### DATA SHOWN ###

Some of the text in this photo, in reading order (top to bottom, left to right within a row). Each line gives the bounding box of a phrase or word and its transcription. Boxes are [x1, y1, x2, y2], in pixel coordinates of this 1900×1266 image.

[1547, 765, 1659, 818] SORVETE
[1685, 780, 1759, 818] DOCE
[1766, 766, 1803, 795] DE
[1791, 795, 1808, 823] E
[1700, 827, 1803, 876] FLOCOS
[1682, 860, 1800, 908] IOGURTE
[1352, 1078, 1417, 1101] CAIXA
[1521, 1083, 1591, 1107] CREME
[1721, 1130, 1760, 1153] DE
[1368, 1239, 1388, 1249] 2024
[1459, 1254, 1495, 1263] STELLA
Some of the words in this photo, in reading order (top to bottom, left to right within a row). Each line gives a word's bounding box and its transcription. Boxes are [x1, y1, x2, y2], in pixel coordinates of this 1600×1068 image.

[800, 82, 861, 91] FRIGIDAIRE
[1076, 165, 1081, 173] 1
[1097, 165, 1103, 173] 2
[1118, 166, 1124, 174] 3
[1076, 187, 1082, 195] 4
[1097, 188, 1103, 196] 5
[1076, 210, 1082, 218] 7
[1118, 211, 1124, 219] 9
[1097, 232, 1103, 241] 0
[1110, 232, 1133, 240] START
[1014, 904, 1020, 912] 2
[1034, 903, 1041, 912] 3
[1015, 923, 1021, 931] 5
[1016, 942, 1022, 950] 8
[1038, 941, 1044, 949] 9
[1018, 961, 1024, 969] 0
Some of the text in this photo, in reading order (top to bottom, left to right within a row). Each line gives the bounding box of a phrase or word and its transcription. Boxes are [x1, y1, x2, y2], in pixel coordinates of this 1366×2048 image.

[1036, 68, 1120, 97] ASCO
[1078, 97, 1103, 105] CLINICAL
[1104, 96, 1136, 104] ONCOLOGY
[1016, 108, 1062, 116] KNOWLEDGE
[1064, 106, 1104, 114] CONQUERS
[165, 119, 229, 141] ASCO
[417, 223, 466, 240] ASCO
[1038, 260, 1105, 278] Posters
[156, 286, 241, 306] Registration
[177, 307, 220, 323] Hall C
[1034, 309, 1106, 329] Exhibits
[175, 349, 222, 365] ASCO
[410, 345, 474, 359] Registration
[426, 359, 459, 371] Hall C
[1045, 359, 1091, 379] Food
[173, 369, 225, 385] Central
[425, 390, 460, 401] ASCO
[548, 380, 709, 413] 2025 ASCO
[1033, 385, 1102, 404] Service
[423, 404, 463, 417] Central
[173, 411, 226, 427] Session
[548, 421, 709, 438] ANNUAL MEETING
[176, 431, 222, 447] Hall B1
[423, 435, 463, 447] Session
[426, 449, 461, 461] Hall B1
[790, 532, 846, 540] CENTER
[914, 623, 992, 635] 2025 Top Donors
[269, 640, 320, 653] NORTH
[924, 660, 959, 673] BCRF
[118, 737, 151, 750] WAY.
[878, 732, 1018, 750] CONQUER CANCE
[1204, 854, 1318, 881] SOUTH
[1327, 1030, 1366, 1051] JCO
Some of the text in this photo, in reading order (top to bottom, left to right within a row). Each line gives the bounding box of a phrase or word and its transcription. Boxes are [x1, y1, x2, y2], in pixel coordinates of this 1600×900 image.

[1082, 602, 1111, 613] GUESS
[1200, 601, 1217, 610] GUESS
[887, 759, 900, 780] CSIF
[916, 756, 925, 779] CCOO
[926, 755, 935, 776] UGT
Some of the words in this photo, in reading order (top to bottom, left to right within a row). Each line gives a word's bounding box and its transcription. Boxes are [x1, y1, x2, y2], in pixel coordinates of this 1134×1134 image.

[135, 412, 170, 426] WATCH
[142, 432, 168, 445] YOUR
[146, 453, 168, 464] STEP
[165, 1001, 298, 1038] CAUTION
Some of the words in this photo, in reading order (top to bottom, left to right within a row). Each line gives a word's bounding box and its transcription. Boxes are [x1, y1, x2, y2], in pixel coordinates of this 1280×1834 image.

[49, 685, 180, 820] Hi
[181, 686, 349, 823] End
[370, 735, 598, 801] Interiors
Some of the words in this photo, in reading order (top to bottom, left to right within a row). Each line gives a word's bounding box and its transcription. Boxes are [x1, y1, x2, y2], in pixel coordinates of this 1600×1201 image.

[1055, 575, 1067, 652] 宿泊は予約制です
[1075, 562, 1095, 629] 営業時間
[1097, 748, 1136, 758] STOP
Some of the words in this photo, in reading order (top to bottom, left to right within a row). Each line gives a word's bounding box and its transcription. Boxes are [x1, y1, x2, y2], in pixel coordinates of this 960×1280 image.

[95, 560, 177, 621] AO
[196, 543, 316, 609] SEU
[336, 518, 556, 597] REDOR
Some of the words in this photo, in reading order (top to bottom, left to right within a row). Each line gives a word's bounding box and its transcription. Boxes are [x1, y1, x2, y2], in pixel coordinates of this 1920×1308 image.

###

Find the line containing "this 1600×1201 image.", then output it and every line after it to the end of the data, exactly.

Some of the words in this photo, in reading order (top to bottom, left to right within a row). Each line gives a word's bounding box and its transcription. Boxes are [x1, y1, x2, y2], in pixel coordinates of this 1600×1201 image.

[1055, 575, 1067, 652] 宿泊は予約制です
[1075, 562, 1095, 629] 営業時間
[1097, 748, 1136, 758] STOP
Some of the words in this photo, in reading order (top to bottom, left to right within a row). Each line gives a word's bounding box and its transcription. Boxes are [x1, y1, x2, y2], in pixel coordinates of this 960×1280 image.

[95, 560, 177, 621] AO
[196, 543, 316, 609] SEU
[336, 518, 556, 597] REDOR
Some of the words in this photo, in reading order (top to bottom, left to right within a row). Each line gives a word's bounding box and its transcription. Boxes are [x1, y1, x2, y2], in pixel coordinates of this 1920×1308 image.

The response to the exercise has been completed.